• Problem: All records below are to be repeated exactly, with the pictures left out.

*** Record excerpts ***

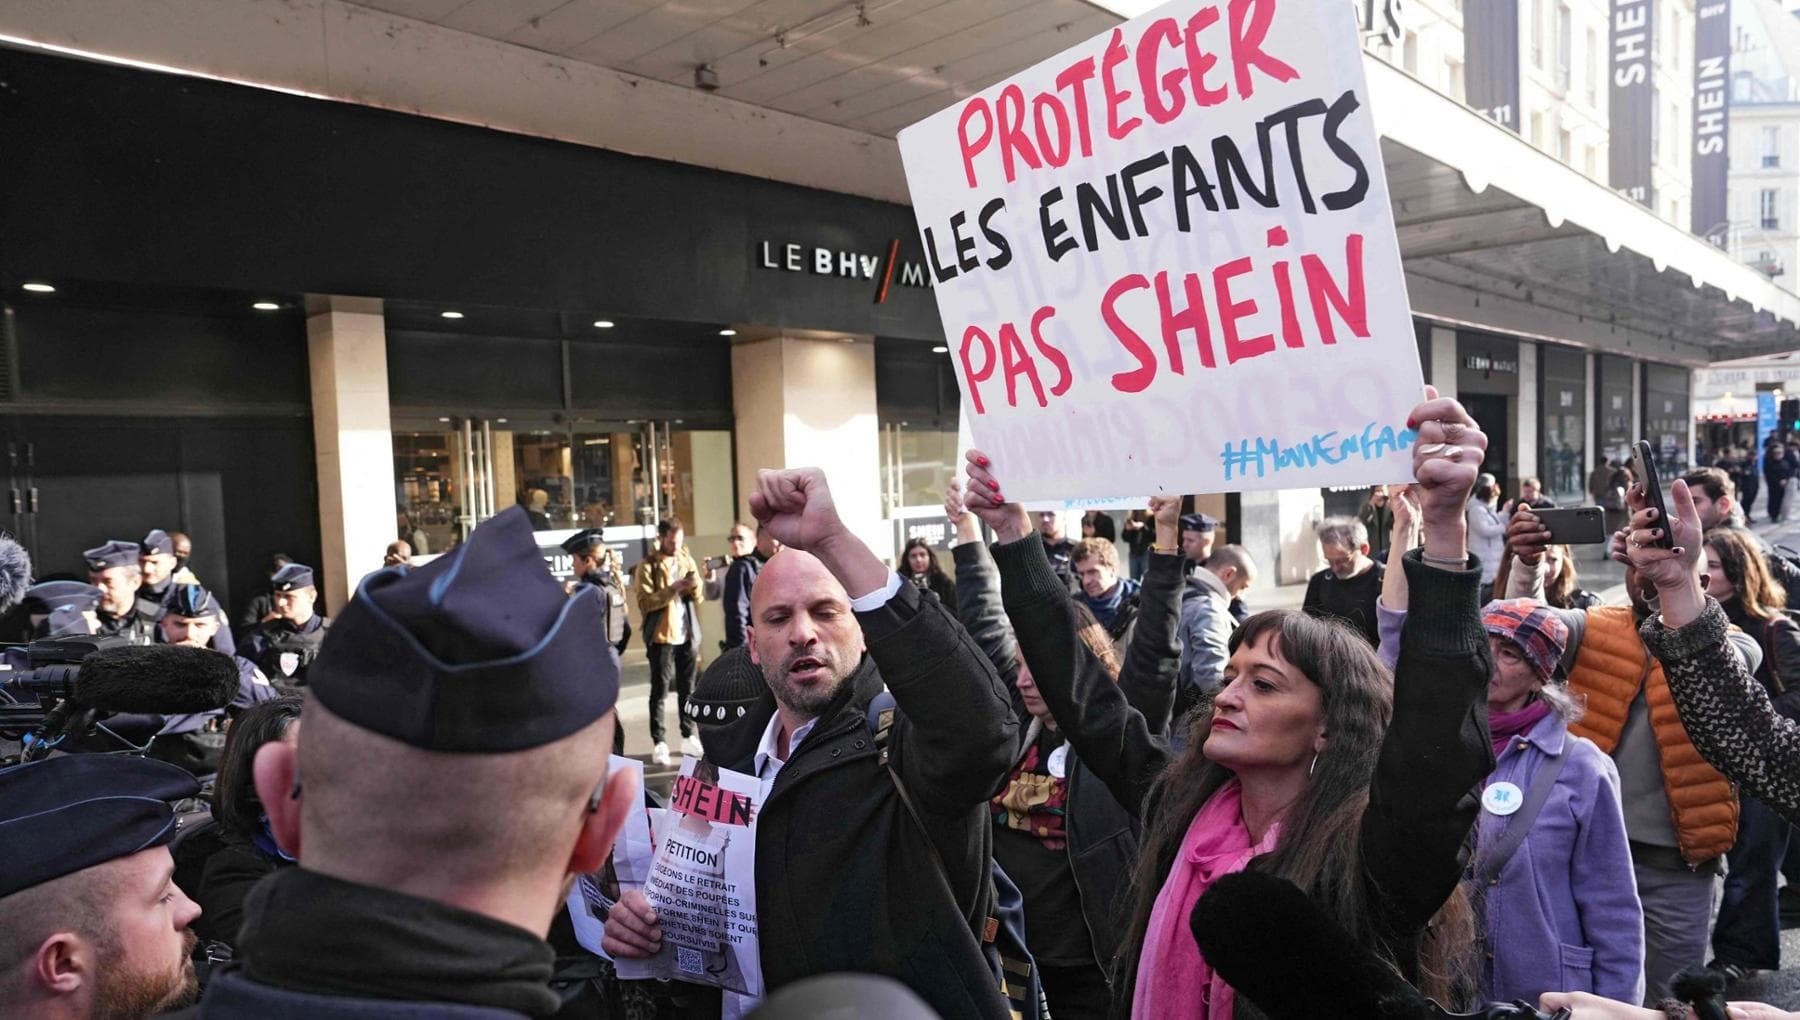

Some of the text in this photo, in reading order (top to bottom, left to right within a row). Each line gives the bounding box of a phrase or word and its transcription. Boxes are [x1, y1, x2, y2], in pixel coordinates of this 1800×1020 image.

[1697, 56, 1724, 155] SHEIN
[924, 90, 1370, 284] LES ENFANTS
[764, 241, 801, 271] LE
[815, 247, 878, 280] BHV
[959, 306, 1072, 414] PAS
[672, 775, 751, 828] SHEIN
[665, 838, 718, 868] PETITION
[676, 885, 694, 898] DES
[684, 874, 695, 885] LE
[697, 877, 737, 893] RETRAIT
[658, 918, 743, 944] CHETEURS SOIENT
[692, 914, 719, 928] SHEIN
[724, 921, 735, 930] ET

*** End of Record excerpts ***

• Exercise result:
Some of the text in this photo, in reading order (top to bottom, left to right within a row). Each line gives the bounding box of a phrase or word and its transcription. Boxes are [x1, y1, x2, y2], in pixel coordinates of this 1800×1020 image.

[1697, 56, 1724, 155] SHEIN
[924, 90, 1370, 284] LES ENFANTS
[764, 241, 801, 271] LE
[815, 247, 878, 280] BHV
[959, 306, 1072, 414] PAS
[672, 775, 751, 828] SHEIN
[665, 838, 718, 868] PETITION
[676, 885, 694, 898] DES
[684, 874, 695, 885] LE
[697, 877, 737, 893] RETRAIT
[658, 918, 743, 944] CHETEURS SOIENT
[692, 914, 719, 928] SHEIN
[724, 921, 735, 930] ET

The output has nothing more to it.